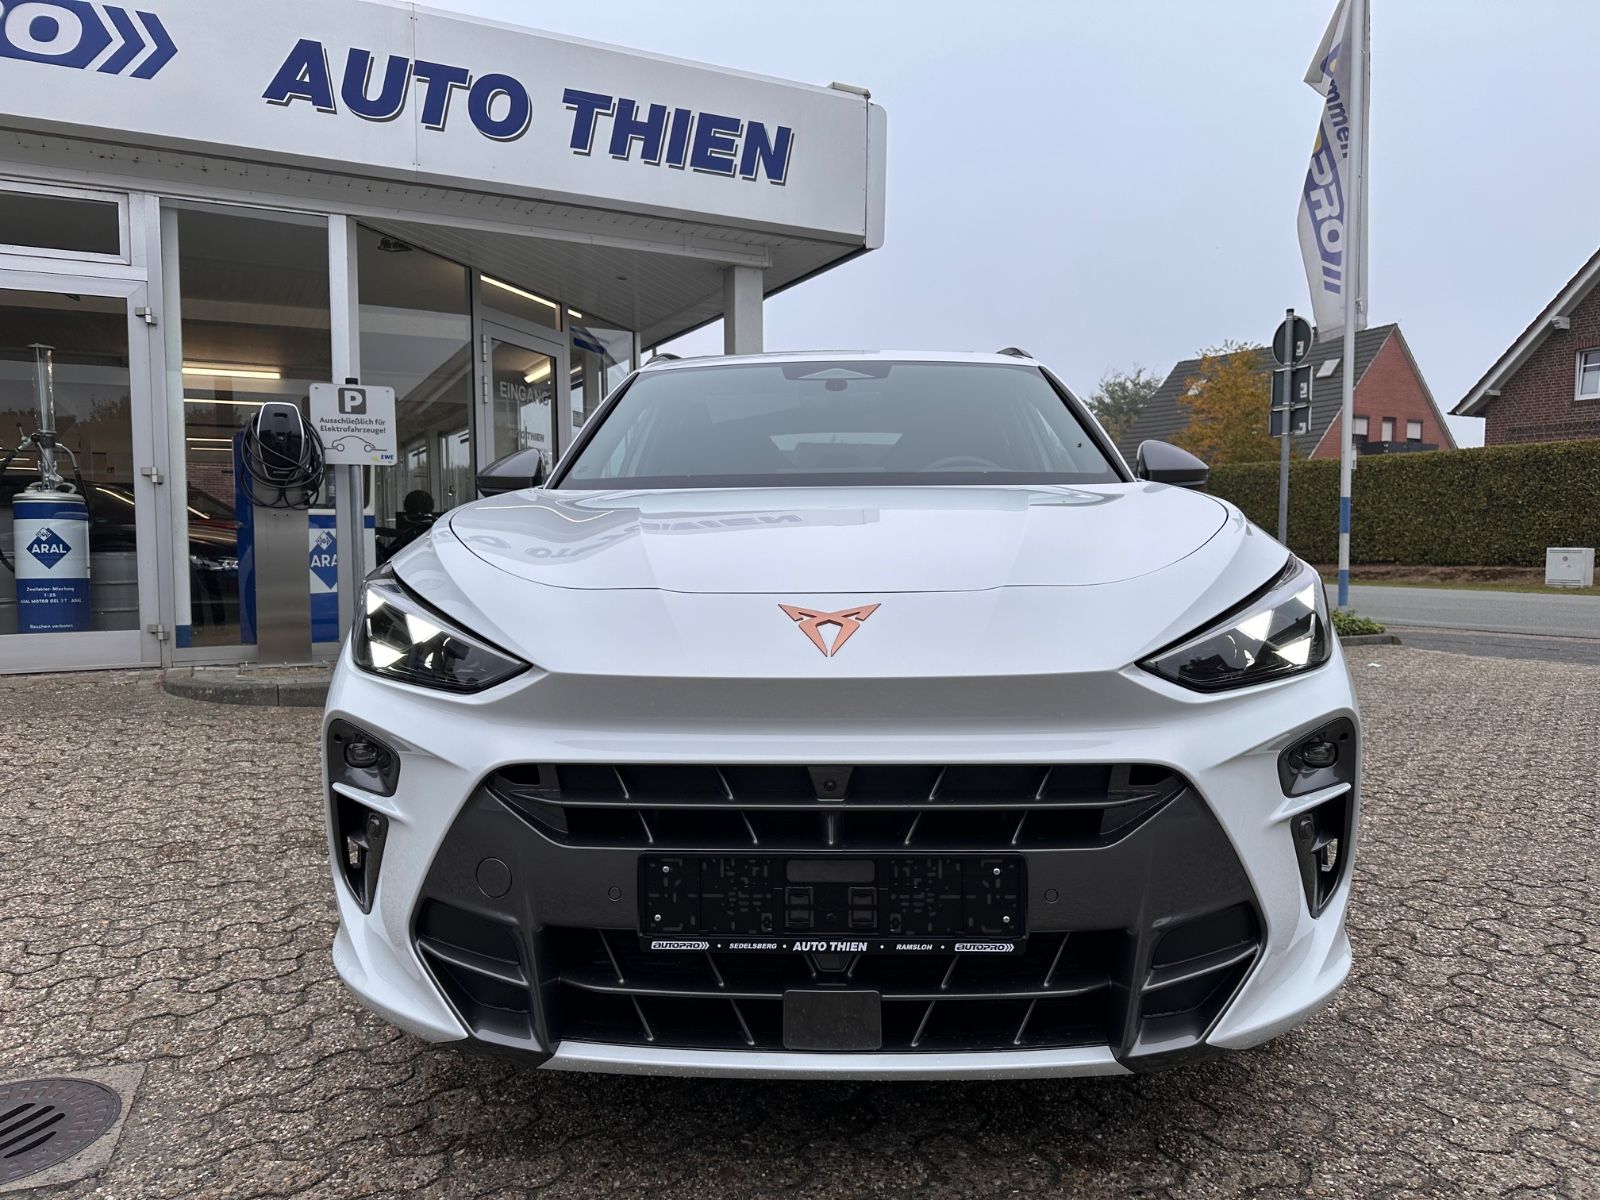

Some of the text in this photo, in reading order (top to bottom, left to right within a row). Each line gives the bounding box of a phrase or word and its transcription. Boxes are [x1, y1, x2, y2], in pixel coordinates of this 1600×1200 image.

[0, 1, 83, 56] O
[262, 38, 796, 186] AUTO THIEN
[1326, 79, 1350, 159] mme
[344, 390, 363, 413] P
[499, 380, 551, 406] EINGANG
[319, 417, 386, 426] Ausschließlich für
[320, 425, 386, 435] Elektrofahrzeuge!
[32, 544, 66, 554] ARAL
[311, 554, 337, 568] ARA
[793, 941, 827, 951] AUTO
[829, 941, 868, 952] THIEN
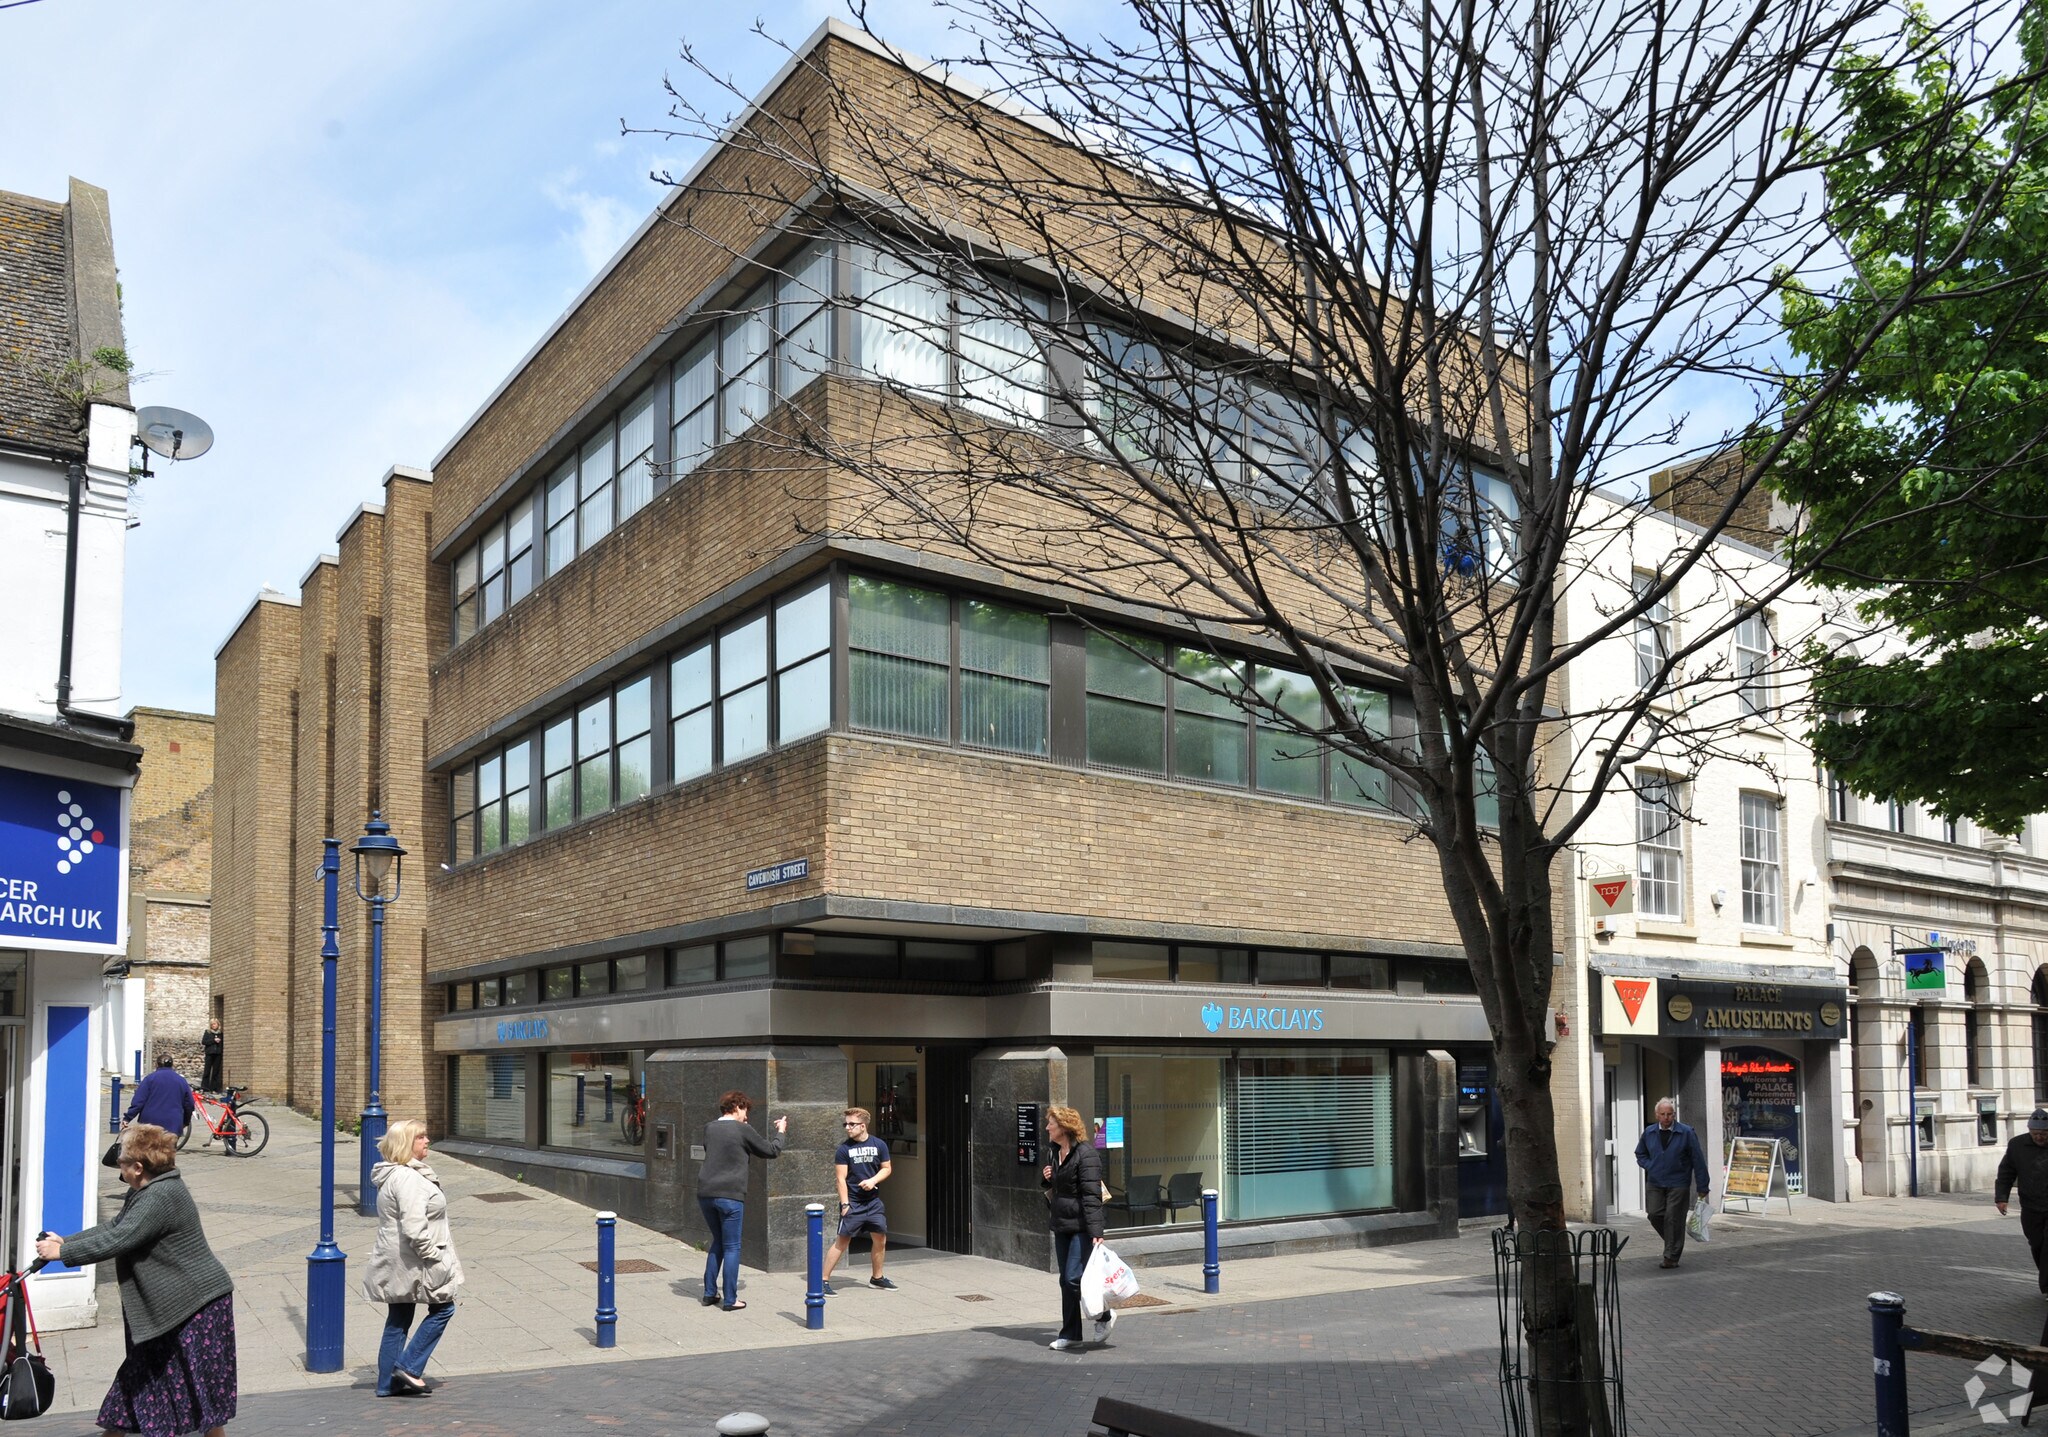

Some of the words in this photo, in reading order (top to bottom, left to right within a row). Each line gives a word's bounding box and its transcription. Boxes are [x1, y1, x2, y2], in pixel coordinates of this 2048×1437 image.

[748, 868, 780, 887] CAVENDISH
[782, 862, 806, 879] STREET
[0, 901, 65, 926] ARCH
[71, 907, 102, 930] UK
[1735, 986, 1782, 1001] PALACE
[507, 1018, 549, 1040] BARCLAYS
[1228, 1007, 1324, 1031] BARCLAYS
[1704, 1009, 1813, 1031] AMUSEMENTS
[1754, 1083, 1794, 1092] PALACE
[1749, 1098, 1797, 1106] RAMSGATE

^^^^

- [PROBLEM STATEMENT]: Set the material down exactly, images excluded.

- [SOLUTION]:
Some of the text in this photo, in reading order (top to bottom, left to right within a row). Each line gives the bounding box of a phrase or word and its transcription. Boxes are [x1, y1, x2, y2], in pixel coordinates of this 1600×1200 image.

[0, 1, 83, 56] O
[262, 38, 796, 186] AUTO THIEN
[1326, 79, 1350, 159] mme
[344, 390, 363, 413] P
[499, 380, 551, 406] EINGANG
[319, 417, 386, 426] Ausschließlich für
[320, 425, 386, 435] Elektrofahrzeuge!
[32, 544, 66, 554] ARAL
[311, 554, 337, 568] ARA
[793, 941, 827, 951] AUTO
[829, 941, 868, 952] THIEN

Some of the words in this photo, in reading order (top to bottom, left to right within a row). Each line gives a word's bounding box and its transcription. Boxes are [x1, y1, x2, y2], in pixel coordinates of this 2048×1437 image.

[748, 868, 780, 887] CAVENDISH
[782, 862, 806, 879] STREET
[0, 901, 65, 926] ARCH
[71, 907, 102, 930] UK
[1735, 986, 1782, 1001] PALACE
[507, 1018, 549, 1040] BARCLAYS
[1228, 1007, 1324, 1031] BARCLAYS
[1704, 1009, 1813, 1031] AMUSEMENTS
[1754, 1083, 1794, 1092] PALACE
[1749, 1098, 1797, 1106] RAMSGATE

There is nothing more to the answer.